As a general example, using the volume physics dialogue box, DLL defined H-G_bulk:  using mu_s = 11.5 mm-1, mu_a = 0.0016 mm-1 and g=0.87, Mean Path=0.09 mm and T = 0.99.

Setting intersections to max: 4000, and segment number to 100k, with Min Rel Intensity (min) 1E-36 (to collect everything as rays can lose many orders of magnitude). This arrangement flags the “Error: Not Enough Intersections Allocated to Finish Ray Trace” for several cm of diffusive media, and indeed if I ignore this, a histogram of #segments shows it is clipped at 4000 (see ZMX and pngs attached). For context I measure the OPL of a ray by using the ray coordinates as vectors (* refractive index) per segment and summing. Splitting is turned OFF because the ZRD lists the splitting branches per ray together and this method would not work.   

Questions:

  1. For my chosen H-G parameters, (Mean Path < 1, T-->1, g-->1), I know that the extreme scattering limits the number of rays I detect at the output of the scatterer. However, is my limiting factor really 4000 intersections/segments? And are these synonymous given my ZRD is only populated with #segments<4000 in the example shown? This would mean that Optic Studio can’t simulate turbid scattering through dense, thick materials like biological tissues, resin or foam, unless those materials were razor thin. I would ideally want to simulate scattering through 50+ transport mean free paths. It just appears that this 4000 value is an unfortunate ceiling to my simulation and where I need to take it.
  2. Are there any references behind the Henyey-Greenstein-bulk.DLL , e.g. where do the equations Mean Path = 1 / (mu_s + mu_a)  and Transmission = mu_s / (mu_s + mu_a) come from? This is just to dispel any confusion in using the empirical coefficients in future simulations.

Thanks for your time,

Kevin

Kevin,

I sympathize.  I have struggled to use this feature to model tissue optics (scatter of light inside of tissue).  For the most part, I’ve given up trying.  There are (x2) big issues that challenge me:

  1. How do I configure the ray tracing parameters of the model (the same concerns you expressed)?
  2. How do I validate the model with an experiment or an independent computation?

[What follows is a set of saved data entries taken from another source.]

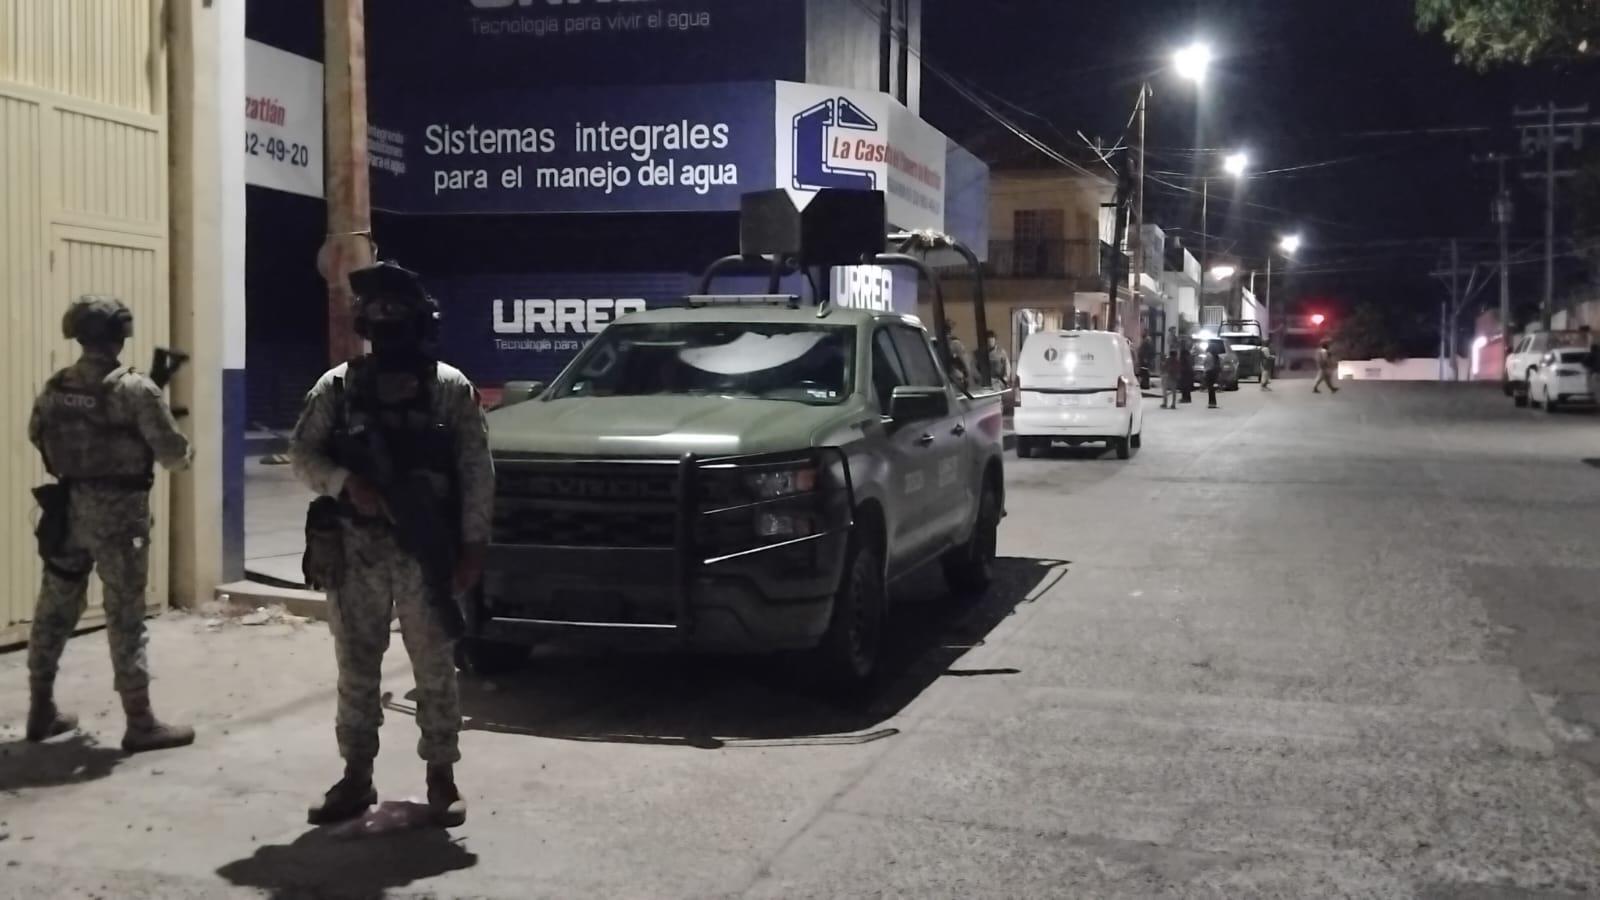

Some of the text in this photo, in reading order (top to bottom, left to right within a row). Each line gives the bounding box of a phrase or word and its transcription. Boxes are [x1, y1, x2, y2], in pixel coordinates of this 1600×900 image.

[564, 16, 600, 34] para
[607, 12, 641, 30] vivir
[648, 9, 662, 28] el
[668, 12, 710, 30] agua
[424, 123, 556, 155] Sistemas
[575, 119, 729, 162] integrales
[832, 136, 851, 159] La
[434, 158, 737, 195] para el manejo del agua
[836, 265, 893, 312] URREA
[554, 340, 578, 352] para
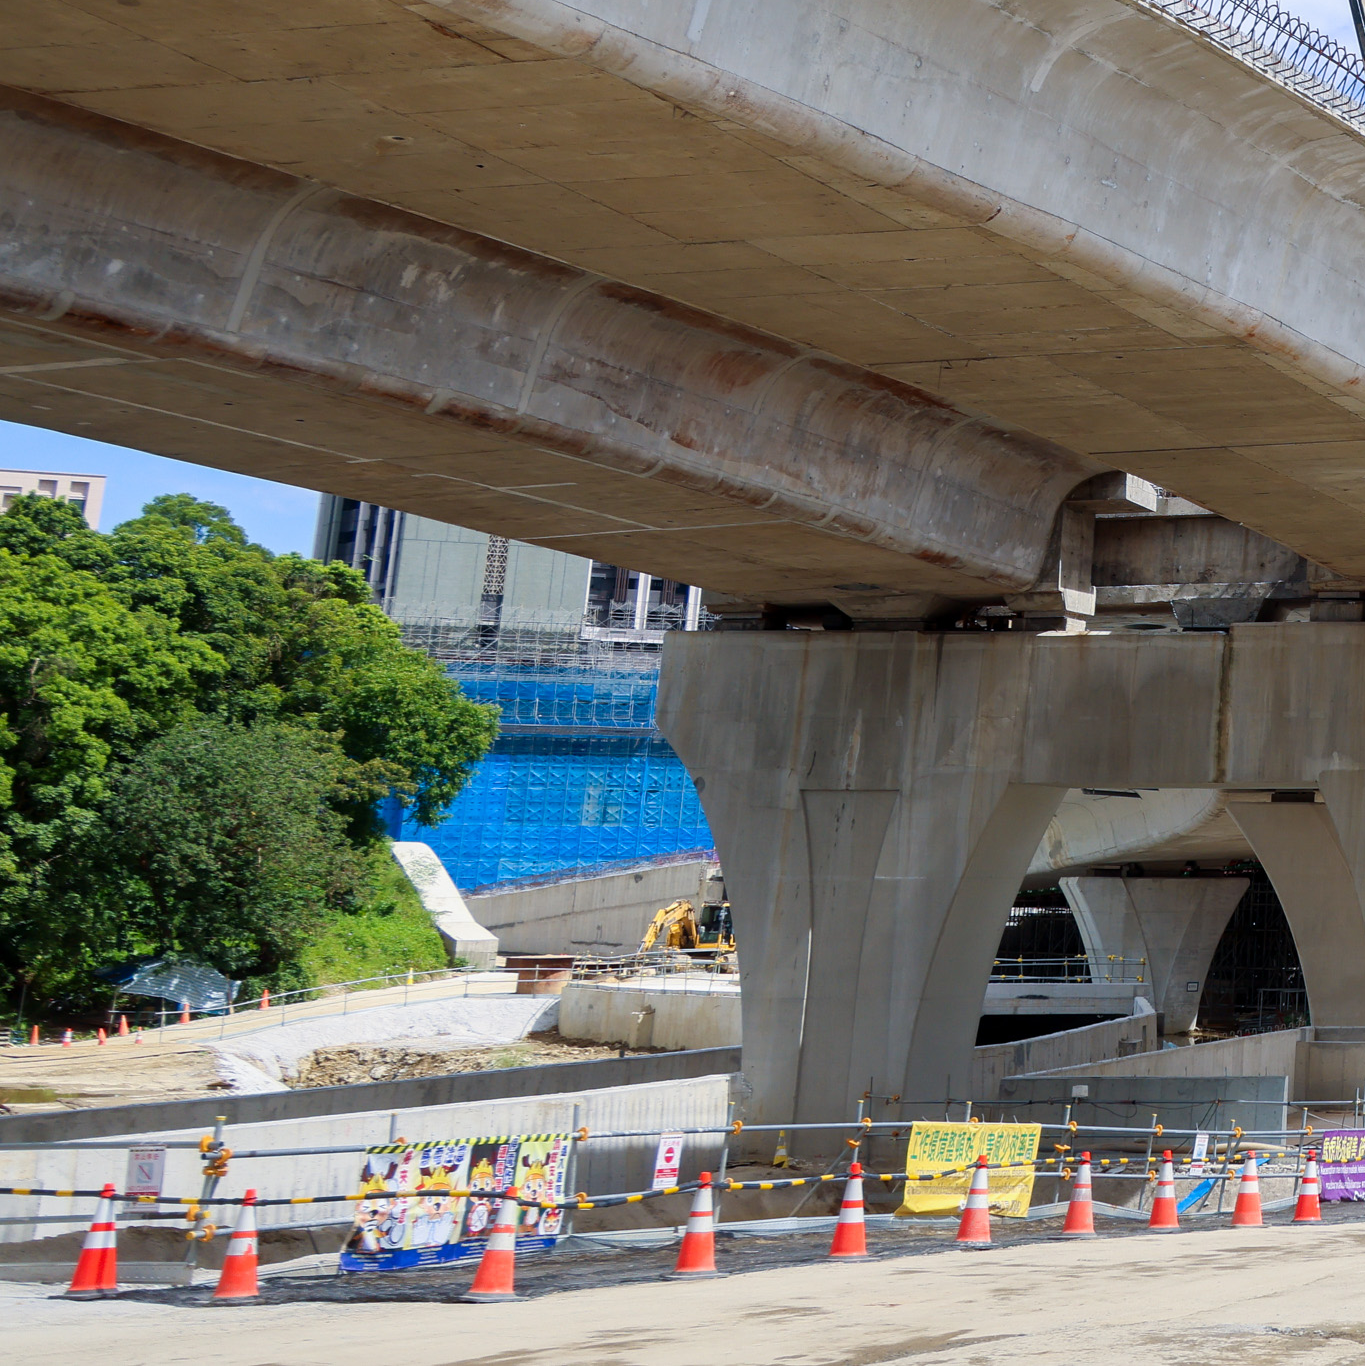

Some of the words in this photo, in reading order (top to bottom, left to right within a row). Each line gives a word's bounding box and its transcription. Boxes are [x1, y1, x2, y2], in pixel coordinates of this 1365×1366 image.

[910, 1130, 977, 1162] 工作環境整頓好
[977, 1131, 1037, 1162] 災害減少效率高

My understanding is that the H-G model that was implemented was tested for a specific use case (see Knowledge Base article).  I believe it works well for this case.

However, I have yet to find any literature that validates this computation for dense scatterers (e.g. whole blood).  While the H-G parameters are known for whole blood (see here for example), the scattering sites are so dense that it does not seem possible to come up with a model that OpticStudio can execute.

Most of the scientific literature has put its effort into custom code.  Let me know if you need references.

-B


I can’t speak to the broader issue of how well HG scattering in ZOS correlates with various real-world scenarios.  However, regarding Kevin’s two questions, here are a few thoughts:

1. Yes, the 4,000 intersections per ray will limit the number of scattered rays generated.  However, T = 0.99 means that 1% of the ray energy will be lost per scattering event.  After 4000 scattering events the ray energy is down by a factor of 3.5e-018, which is relatively low.  That may not be low enough for your application, but it seems like a reasonable number for a general scattering problem.  In your case it does appear that the scattering random walk after 4000 scattering events will only propagate ~10-20 mm.

The 4,000 intersections limit has been in place for as long as I can remember.  I don’t know its origin though.  It may have something to do with the computing/memory capability of a typical PC that was available at the time the NSC code was being developed.

 

2 Regarding the origin of the mean path and transmission parameters, this post may be of some help: 

 

Regards,

Jeff


The challenge I faced in tissue optics is that the literature doesn’t use parameters like

  • Intersection limits
  • Minimum power before ignore a ray

to qualify their models.  So for my problems, I couldn’t relate the parameters in OpticStudio to any of the scientific literature.


Convergence of a model (e.g. get the number of rays and minimum power to converge on a stable solution) does not ensure accuracy of the model.

Any ideas regarding how to test this model?